I'm sure it's been said by countless other reviewers, but this book does in fact provide a far more nuanced and compelling portrait of the main character Jack Torrence than the famous and unforgettable 1980 Stanley Kubrick screen adapatation would suggest.

I like what King said in his own recent comments on the book-what made the book truly interesting was the idea that Torrence goes insane from a combination of factors-not just a haunted hotel but his own inner demons. That is suggested in the movie, but my impression is that in the movie Nicholson plays Torrence as someone already on the edge and there is no implication that he had deep love for his family, also no mention of his own abuse at his father's hands. It's hard to feel that he suddenly went from loving Shelley Duvall to hating her-he seems to have hatred toward her in the beginning of the movie. The movie works, of course, and has become so iconic it is hard to read this book without thinking of it, but it is very different from the book, enough so to be someone else's story.

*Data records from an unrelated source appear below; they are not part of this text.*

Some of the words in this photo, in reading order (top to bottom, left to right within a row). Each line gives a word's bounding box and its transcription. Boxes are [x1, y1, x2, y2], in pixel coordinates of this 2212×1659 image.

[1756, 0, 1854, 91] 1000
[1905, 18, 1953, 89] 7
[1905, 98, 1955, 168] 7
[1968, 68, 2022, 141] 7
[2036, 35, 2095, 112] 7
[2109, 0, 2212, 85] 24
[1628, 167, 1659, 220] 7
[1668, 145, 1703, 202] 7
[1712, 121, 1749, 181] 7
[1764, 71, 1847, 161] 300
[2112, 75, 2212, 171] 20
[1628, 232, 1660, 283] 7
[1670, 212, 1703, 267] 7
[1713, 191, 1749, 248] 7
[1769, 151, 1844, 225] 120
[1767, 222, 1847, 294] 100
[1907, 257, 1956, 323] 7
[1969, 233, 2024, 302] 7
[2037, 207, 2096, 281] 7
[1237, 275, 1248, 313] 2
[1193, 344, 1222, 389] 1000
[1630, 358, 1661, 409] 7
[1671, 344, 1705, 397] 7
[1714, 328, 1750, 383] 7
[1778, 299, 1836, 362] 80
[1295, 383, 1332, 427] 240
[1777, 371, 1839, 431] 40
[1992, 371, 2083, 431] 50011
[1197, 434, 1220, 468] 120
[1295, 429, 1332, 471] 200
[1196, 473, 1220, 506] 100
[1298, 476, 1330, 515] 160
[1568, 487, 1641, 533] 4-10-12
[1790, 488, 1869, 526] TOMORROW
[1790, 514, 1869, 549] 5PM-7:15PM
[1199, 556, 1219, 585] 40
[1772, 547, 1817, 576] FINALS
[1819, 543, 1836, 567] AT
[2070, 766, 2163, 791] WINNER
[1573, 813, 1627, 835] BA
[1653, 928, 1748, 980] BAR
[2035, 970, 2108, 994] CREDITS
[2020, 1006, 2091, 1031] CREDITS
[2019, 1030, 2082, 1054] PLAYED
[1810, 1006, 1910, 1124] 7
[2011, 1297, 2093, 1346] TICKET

This is a major problem with the movie and what makes the book so much more effective, moving, and tragic-in the book Torrence truly loves his wife and son and that makes his descent into madness more frightening and depressing.

This is really King's gift, to tie horror to recognizable reality and family life, to express some of our own deepest fears through terrifying metaphors, and he does it very well here. It's also, like most of his books, very exciting and a good page turner.

I especially appreciated his character Dick, the African American cook, for some reason in the movie this character was far less important or appealing.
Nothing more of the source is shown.